Another possible scenario is that the device will remain undetected and undisturbed for a long time, until its plutonium cores decay to a safe level. This could take hundreds or thousands of years, depending on the rate of decay and the environmental conditions. During this time, the device could pose minimal or negligible risks to humans and nature, as long as it is not exposed to external forces or interference.

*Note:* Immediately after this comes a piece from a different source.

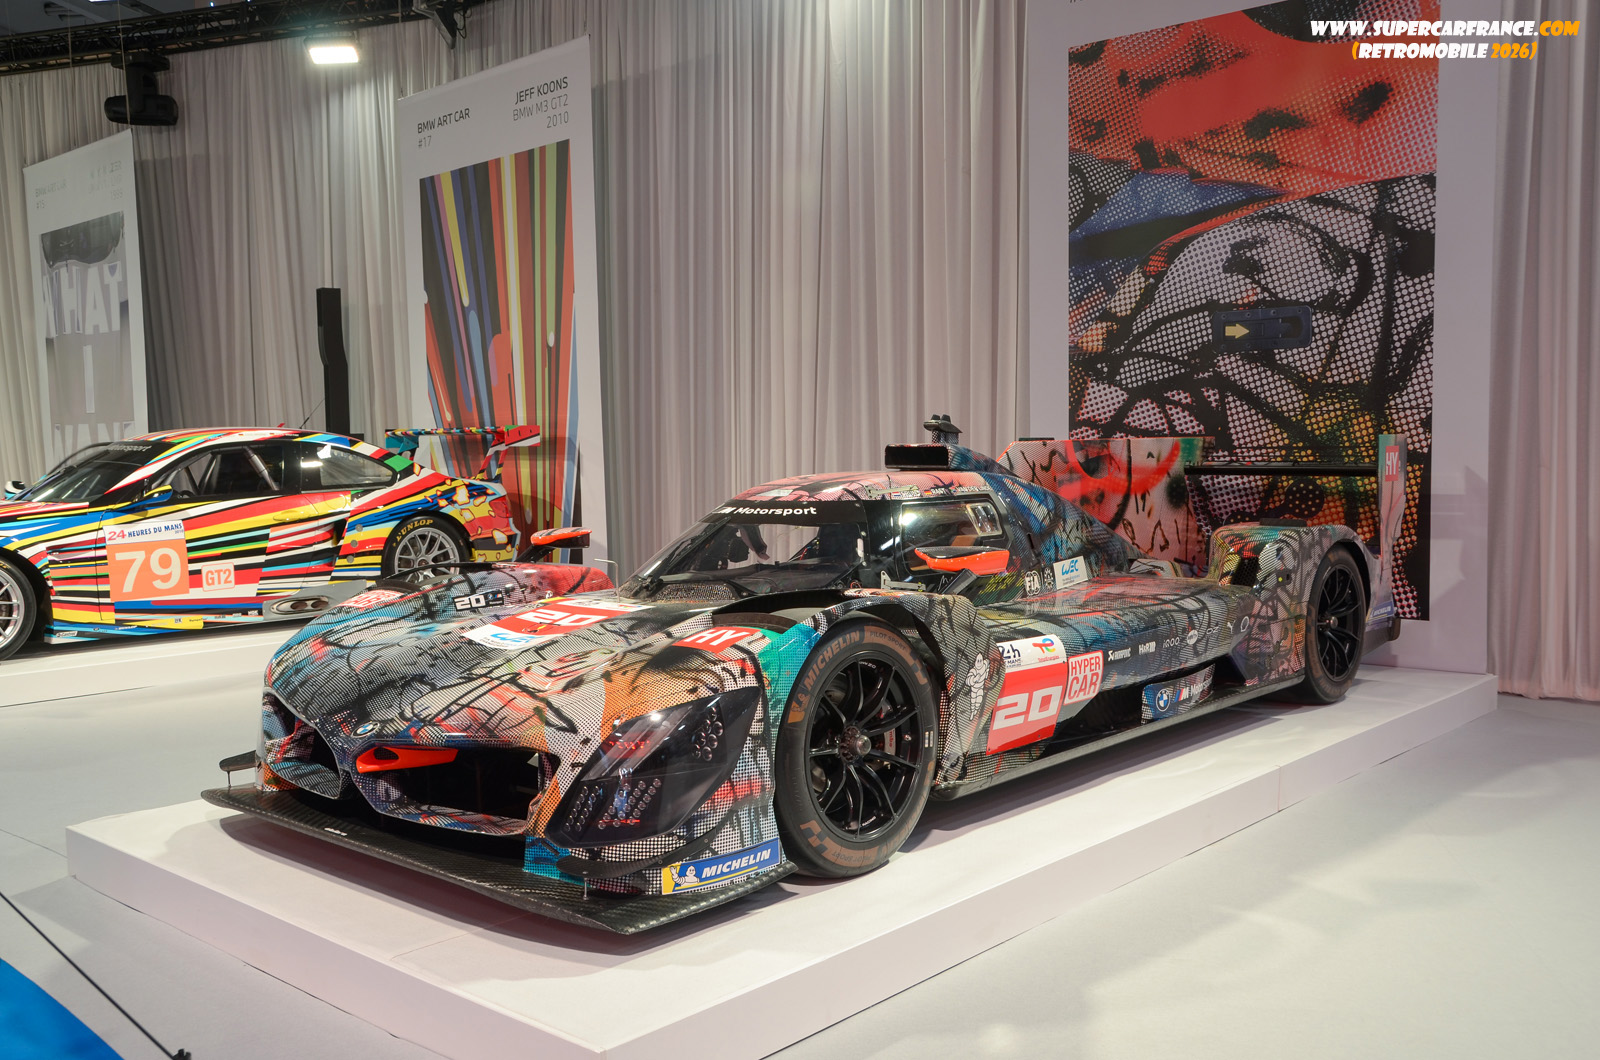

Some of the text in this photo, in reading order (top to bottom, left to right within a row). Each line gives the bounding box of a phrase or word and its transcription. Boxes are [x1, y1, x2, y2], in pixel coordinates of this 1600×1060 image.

A third possible scenario is that the device will be affected by natural phenomena or human activities that could damage its integrity and trigger its leakage or explosion. This could include earthquakes, landslides, avalanches, floods, fires, mining, drilling, or construction. Depending on the extent and location of the impact, this could have serious or catastrophic consequences for the people and the environment in the vicinity or beyond.

The Nanda Devi nuclear device mystery is not only a historical curiosity, but also a potential future challenge. It requires constant vigilance and preparedness from all stakeholders involved. It also demands ethical and responsible actions from all parties concerned. It is a reminder that nuclear technology is a double-edged sword that can be used for good or evil. It is up to us to choose wisely and act accordingly.

The Conclusion

The Nanda Devi nuclear device mystery is a fascinating and complex story that spans decades and continents. It involves politics, science, adventure, and intrigue. It reveals the secrets and dangers of the Cold War era, and the challenges and opportunities of the present and future.

The mystery also raises important questions about our relationship with nature and technology. How do we balance our need for security and progress with our respect for the environment and life? How do we deal with the legacy and impact of our nuclear actions and decisions? How do we cooperate and communicate with other nations and cultures on matters of global significance and concern?

The Nanda Devi nuclear device mystery is not just a story about a lost device on a mountain. It is a story about us, our past, our present, and our future. It is a story that we need to remember, understand, and learn from. It is a story that we need to share, discuss, and act upon. It is a story that we need to solve, before it solves us.


(1) Nanda Devi - Wikipedia.

(2) Did nuclear spy devices in the Himalayas trigger India floods?.

(3) Nanda Devi Plutonium Mission - Wikipedia.

(4) Nanda Devi’s Nuclear Secret and a Botched CIA Operation - PeepulTree.

(5) That Time The CIA Lost A Nuclear Device On An Indian Mountain.

(6) Explained: The Nanda Devi Nuclear Device Mystery - DefenceXP.